▶ Entries supplied

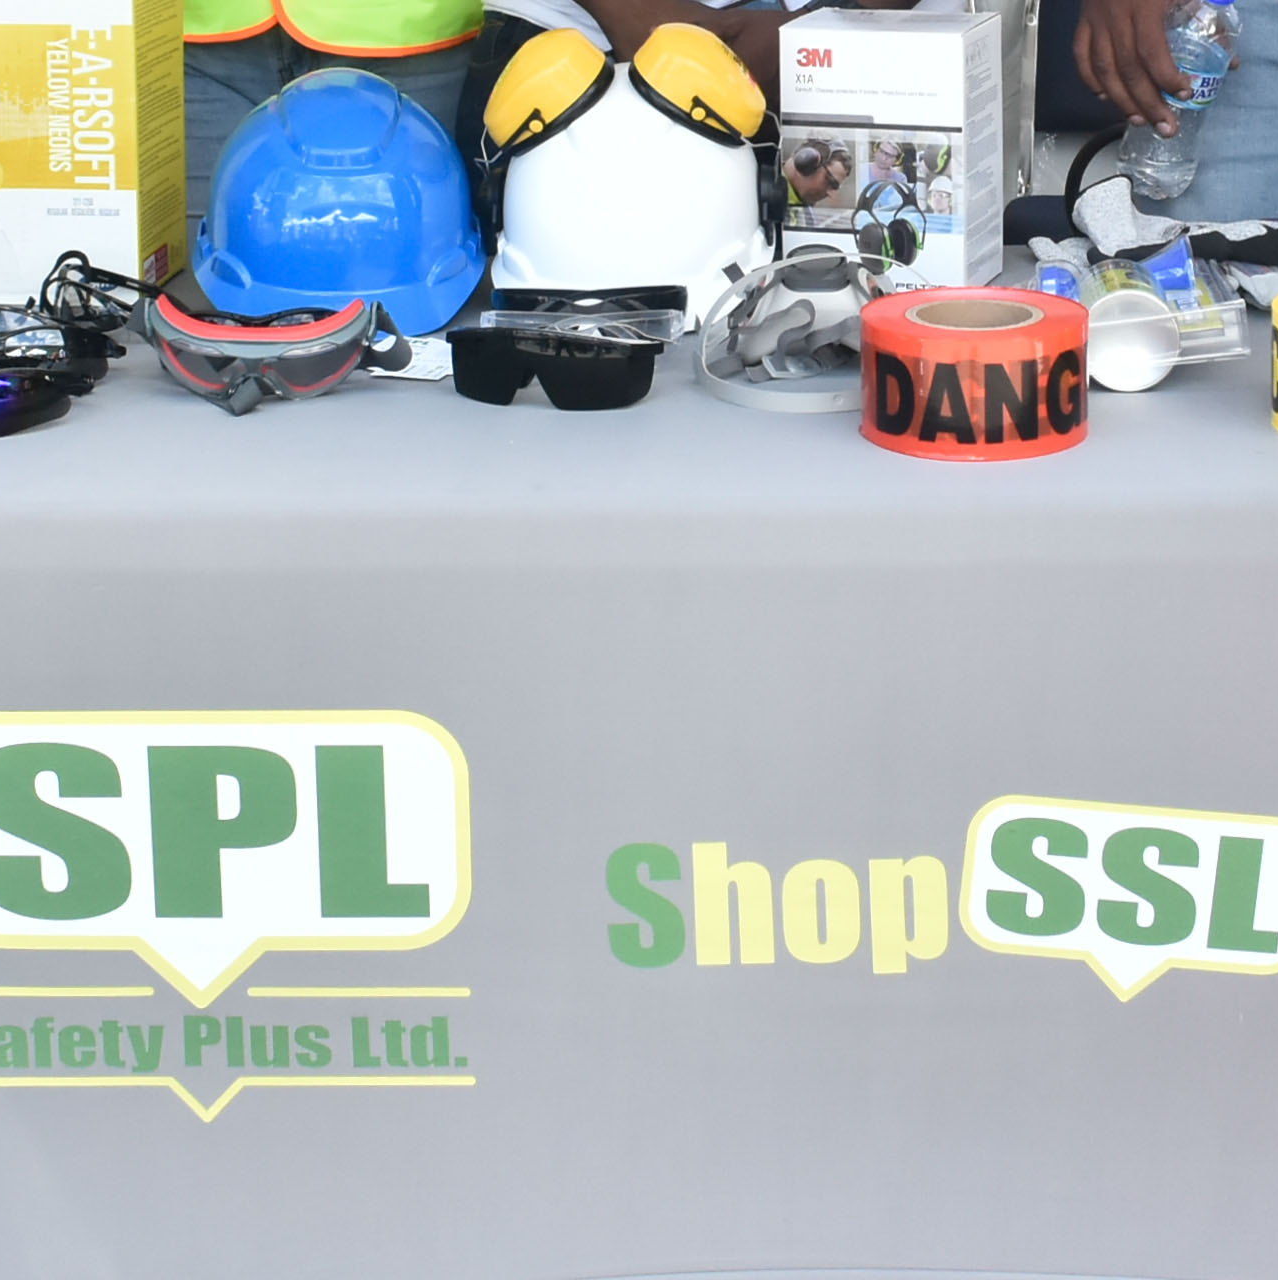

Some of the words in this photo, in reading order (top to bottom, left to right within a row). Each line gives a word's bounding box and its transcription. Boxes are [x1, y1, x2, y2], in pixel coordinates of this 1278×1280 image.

[46, 38, 71, 109] YELLOW
[795, 73, 814, 84] X1A
[796, 47, 832, 68] 3M
[48, 114, 73, 173] NEONS
[876, 349, 1082, 445] DANG
[183, 1015, 333, 1069] Plus
[351, 1015, 468, 1069] Ltd.

▶ Problem
Return the records above verbatim, images excluded.

▶ Final answer
Some of the words in this photo, in reading order (top to bottom, left to right within a row). Each line gives a word's bounding box and its transcription. Boxes are [x1, y1, x2, y2], in pixel coordinates of this 1278×1280 image.

[46, 38, 71, 109] YELLOW
[795, 73, 814, 84] X1A
[796, 47, 832, 68] 3M
[48, 114, 73, 173] NEONS
[876, 349, 1082, 445] DANG
[183, 1015, 333, 1069] Plus
[351, 1015, 468, 1069] Ltd.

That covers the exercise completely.